TASK> Reproduce exactly, and nothing but, the lines between the one with "this 1600×1200 image." and the end of the entries, both ends included.

[Stored data entries]

=-=-=-=-=

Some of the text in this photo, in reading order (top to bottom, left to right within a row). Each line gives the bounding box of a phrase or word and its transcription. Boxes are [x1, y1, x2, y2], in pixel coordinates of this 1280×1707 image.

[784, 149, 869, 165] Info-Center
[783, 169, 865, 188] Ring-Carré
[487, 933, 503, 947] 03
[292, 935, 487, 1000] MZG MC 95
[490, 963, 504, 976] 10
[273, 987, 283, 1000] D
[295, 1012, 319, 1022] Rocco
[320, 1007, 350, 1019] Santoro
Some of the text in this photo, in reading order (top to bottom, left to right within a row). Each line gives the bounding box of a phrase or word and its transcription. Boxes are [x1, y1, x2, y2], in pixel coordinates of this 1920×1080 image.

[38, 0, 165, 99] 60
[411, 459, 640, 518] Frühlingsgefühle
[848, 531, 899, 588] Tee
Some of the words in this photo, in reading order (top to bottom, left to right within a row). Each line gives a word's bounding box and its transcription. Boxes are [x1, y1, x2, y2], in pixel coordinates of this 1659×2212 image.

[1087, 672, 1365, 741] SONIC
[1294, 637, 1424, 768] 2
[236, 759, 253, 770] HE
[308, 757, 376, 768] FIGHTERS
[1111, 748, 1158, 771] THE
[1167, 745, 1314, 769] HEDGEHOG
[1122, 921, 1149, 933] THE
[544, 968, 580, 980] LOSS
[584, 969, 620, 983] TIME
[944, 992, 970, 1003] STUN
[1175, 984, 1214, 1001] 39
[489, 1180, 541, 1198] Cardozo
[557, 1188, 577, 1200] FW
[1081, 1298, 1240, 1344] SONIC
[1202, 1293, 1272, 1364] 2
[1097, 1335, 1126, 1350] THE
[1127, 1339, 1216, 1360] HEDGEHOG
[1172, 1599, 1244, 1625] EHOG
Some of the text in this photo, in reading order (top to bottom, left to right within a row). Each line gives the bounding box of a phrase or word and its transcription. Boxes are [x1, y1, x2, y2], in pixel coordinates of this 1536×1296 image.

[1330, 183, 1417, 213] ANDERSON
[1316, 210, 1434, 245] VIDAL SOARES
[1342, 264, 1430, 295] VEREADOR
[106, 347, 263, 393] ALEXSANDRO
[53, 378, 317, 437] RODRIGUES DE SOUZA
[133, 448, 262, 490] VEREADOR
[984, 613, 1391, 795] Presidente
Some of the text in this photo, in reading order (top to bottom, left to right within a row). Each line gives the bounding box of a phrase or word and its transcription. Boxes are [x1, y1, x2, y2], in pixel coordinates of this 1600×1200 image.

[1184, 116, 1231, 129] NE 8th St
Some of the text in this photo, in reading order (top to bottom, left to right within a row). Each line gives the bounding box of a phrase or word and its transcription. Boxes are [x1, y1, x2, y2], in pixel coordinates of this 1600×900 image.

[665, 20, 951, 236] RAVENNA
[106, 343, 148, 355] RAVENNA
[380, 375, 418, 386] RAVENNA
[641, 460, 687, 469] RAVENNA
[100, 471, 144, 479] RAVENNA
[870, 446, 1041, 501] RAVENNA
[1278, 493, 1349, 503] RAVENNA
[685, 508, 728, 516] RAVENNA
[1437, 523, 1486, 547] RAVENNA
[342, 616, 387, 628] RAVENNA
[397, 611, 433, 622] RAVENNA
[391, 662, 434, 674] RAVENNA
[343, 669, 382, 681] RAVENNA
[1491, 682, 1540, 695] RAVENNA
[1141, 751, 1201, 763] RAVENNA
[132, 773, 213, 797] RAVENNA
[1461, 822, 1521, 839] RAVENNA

=-=-=-=-=

FINISHED TASK>
Some of the text in this photo, in reading order (top to bottom, left to right within a row). Each line gives the bounding box of a phrase or word and its transcription. Boxes are [x1, y1, x2, y2], in pixel coordinates of this 1600×1200 image.

[1184, 116, 1231, 129] NE 8th St
Some of the text in this photo, in reading order (top to bottom, left to right within a row). Each line gives the bounding box of a phrase or word and its transcription. Boxes are [x1, y1, x2, y2], in pixel coordinates of this 1600×900 image.

[665, 20, 951, 236] RAVENNA
[106, 343, 148, 355] RAVENNA
[380, 375, 418, 386] RAVENNA
[641, 460, 687, 469] RAVENNA
[100, 471, 144, 479] RAVENNA
[870, 446, 1041, 501] RAVENNA
[1278, 493, 1349, 503] RAVENNA
[685, 508, 728, 516] RAVENNA
[1437, 523, 1486, 547] RAVENNA
[342, 616, 387, 628] RAVENNA
[397, 611, 433, 622] RAVENNA
[391, 662, 434, 674] RAVENNA
[343, 669, 382, 681] RAVENNA
[1491, 682, 1540, 695] RAVENNA
[1141, 751, 1201, 763] RAVENNA
[132, 773, 213, 797] RAVENNA
[1461, 822, 1521, 839] RAVENNA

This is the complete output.